Unfortunately, these regions may find it hard to shift tourists’ “anything goes” mentalities, especially with the livelihoods of locals on the line.

“Bali does want to be seen as a nature-based destination with a lot of cultural heritage where you go to relax, and they cater for that very well,” Walters said.

“But the industry in Bali, in particular, is very responsive to what it believes their key markets want.

“If these younger tourists are going there and wanting to party and wanting to drink, then [local small businesses] will also help facilitate that.”

Locals hit breaking point

Authorities are likely starting to act to appease local residents and industries unable to keep up with demand fuelled by increased travel options and social media promotion.

But they must do so while also trying to keep enough tourist dollars flowing in to sustain the local economy, Western Sydney University professor of sustainable tourism and heritage Joseph Cheer said.

“On the one hand, [local residents’] incomes rely on tourism,” he told The New Daily.

“On the other hand, their wellbeing and … quality of life is diminished because of the very things that give them a livelihood.

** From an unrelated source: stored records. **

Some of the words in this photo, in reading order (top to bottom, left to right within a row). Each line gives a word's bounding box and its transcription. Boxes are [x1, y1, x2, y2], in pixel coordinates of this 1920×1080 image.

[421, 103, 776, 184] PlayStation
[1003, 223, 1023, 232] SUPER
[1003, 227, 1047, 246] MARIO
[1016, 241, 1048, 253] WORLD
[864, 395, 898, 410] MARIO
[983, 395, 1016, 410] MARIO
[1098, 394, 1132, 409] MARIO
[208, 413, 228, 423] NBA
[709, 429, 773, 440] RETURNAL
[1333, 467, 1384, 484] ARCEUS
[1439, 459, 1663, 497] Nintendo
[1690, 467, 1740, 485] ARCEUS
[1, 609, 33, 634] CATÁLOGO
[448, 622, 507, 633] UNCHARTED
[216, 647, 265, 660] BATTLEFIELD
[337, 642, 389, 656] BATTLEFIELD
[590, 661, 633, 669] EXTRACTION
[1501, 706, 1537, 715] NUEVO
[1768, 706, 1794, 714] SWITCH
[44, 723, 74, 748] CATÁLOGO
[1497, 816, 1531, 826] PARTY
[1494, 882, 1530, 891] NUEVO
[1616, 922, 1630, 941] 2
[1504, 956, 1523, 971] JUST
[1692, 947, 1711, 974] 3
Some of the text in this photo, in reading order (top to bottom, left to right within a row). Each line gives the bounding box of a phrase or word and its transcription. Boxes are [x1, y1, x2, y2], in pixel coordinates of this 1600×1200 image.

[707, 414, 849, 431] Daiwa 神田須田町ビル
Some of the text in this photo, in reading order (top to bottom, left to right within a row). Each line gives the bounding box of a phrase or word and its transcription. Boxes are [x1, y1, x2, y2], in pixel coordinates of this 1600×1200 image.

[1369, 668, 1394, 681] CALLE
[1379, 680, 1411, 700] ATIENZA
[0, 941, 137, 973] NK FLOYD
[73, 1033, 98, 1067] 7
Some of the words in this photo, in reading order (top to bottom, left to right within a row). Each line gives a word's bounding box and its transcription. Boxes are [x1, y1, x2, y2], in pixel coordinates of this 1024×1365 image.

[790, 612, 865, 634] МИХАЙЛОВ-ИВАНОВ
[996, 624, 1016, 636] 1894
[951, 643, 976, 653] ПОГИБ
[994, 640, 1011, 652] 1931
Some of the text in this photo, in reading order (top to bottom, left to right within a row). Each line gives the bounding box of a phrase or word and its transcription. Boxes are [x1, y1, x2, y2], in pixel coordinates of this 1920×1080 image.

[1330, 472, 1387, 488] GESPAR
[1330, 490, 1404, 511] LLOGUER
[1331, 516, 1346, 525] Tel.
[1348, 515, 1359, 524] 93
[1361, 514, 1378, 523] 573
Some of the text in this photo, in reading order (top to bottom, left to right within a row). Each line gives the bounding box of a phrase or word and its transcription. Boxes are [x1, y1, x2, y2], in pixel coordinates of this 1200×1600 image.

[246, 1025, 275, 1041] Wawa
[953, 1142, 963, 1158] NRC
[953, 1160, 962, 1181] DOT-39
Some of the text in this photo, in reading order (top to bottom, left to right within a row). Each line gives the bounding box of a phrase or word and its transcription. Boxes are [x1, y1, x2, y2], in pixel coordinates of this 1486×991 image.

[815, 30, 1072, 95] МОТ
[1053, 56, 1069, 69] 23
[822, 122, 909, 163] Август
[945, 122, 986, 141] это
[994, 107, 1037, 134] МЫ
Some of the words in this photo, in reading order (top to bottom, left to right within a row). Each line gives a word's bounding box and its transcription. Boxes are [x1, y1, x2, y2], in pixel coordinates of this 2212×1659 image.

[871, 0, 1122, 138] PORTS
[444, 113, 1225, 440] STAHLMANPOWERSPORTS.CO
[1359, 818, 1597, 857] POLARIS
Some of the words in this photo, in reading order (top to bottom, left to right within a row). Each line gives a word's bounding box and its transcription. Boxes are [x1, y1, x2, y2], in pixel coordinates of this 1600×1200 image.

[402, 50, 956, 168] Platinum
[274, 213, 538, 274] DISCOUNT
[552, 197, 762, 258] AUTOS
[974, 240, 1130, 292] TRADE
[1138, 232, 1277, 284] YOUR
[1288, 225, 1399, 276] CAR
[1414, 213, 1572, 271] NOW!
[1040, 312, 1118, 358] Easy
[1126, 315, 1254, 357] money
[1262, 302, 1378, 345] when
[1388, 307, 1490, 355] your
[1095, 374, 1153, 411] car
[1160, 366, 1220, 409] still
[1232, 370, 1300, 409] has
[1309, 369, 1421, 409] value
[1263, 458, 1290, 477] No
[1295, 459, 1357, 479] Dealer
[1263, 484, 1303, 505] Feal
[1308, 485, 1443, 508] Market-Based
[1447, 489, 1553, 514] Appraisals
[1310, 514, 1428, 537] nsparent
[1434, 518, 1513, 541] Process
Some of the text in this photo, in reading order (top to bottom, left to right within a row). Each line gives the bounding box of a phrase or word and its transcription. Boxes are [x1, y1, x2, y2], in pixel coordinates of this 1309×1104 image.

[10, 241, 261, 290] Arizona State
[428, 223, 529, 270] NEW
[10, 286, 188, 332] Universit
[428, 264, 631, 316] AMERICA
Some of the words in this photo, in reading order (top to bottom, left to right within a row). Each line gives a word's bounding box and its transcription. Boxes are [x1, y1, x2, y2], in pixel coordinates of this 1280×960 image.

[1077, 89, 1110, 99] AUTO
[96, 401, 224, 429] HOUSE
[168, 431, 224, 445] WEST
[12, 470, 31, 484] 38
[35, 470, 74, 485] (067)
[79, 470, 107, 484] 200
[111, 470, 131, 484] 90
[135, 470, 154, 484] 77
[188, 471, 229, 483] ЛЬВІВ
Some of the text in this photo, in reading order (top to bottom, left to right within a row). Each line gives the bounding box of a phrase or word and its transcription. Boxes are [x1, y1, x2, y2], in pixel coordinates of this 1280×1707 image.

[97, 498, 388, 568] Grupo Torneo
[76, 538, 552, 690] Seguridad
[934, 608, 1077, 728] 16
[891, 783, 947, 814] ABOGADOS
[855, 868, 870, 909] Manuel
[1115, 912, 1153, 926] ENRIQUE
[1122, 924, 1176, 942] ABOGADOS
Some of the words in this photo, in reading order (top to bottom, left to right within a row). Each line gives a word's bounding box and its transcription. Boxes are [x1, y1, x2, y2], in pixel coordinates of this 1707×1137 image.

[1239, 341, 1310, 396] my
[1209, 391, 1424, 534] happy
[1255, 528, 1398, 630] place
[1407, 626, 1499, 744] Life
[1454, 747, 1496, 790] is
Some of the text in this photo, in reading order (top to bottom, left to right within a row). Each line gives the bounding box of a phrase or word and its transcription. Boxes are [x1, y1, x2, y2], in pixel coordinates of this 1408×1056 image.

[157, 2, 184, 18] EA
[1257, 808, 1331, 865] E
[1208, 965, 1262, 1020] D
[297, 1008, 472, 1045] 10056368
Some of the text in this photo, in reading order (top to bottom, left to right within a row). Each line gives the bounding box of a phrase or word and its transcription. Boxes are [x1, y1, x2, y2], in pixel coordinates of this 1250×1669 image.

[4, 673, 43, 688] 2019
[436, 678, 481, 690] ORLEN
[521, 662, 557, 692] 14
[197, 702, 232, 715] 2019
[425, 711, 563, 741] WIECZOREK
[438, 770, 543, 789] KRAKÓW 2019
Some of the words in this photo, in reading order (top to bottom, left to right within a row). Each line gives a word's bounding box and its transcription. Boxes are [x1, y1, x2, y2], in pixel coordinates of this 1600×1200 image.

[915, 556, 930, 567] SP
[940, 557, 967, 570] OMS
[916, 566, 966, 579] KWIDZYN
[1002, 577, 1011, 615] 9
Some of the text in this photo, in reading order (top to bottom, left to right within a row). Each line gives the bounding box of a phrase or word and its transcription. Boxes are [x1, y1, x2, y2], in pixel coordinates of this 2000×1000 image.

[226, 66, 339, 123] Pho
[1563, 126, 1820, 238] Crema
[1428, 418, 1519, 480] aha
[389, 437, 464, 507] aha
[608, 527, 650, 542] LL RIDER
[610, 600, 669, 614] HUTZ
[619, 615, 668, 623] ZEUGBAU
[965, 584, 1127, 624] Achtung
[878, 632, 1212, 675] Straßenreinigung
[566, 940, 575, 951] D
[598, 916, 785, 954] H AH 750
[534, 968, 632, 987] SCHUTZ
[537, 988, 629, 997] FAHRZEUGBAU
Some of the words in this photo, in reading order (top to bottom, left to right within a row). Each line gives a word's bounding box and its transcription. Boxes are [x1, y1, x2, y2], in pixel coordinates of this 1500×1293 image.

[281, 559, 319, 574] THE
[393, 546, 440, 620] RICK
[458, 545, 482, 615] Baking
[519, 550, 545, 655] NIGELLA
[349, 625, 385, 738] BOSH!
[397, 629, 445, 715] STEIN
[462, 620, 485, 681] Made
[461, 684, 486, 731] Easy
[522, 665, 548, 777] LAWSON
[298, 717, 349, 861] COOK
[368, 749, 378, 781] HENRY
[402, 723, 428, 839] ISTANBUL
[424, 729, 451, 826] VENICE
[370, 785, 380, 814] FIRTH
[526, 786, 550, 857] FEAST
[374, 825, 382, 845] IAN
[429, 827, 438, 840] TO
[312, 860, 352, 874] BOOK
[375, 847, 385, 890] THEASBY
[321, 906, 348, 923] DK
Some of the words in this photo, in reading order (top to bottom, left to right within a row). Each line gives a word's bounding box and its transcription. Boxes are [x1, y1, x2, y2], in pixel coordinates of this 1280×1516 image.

“It raises moral questions [like], do tourists have a responsibility to the communities they visit? And should they be made more aware of what are social norms and what is considered anti-social behaviour?”

Bali is one of the regions trying to educate tourists on local ‘dos and don’ts’.

But Cheer said efforts by authorities to turn the tide would take time, especially after years of focusing on increasing tourist numbers without managing their behaviour.

But failing to improve conditions could lead to complete closures of tourist favourites as seen with Philippines’ Boracay island, which was shut down for six months in 2018 after then-president Rodrigo Duterte declared it a “cesspool”; Boracay reopened with an emphasis on eco-tourism over partying.

Although the issue of overtourism may seem far away for Australians, it hits closer to home than many might think – we just get more frequent breaks than other holiday destinations.

“Even in Australia, we suffer [overtourism] as well, in places like the Great Ocean Road, the Blue Mountains,” Cheer said.

“But a lot of times … it might be busy during a short period and then it gets quiet; there’s peaks and troughs.

“Residents have the ability to rest and recuperate before it gets busy again.”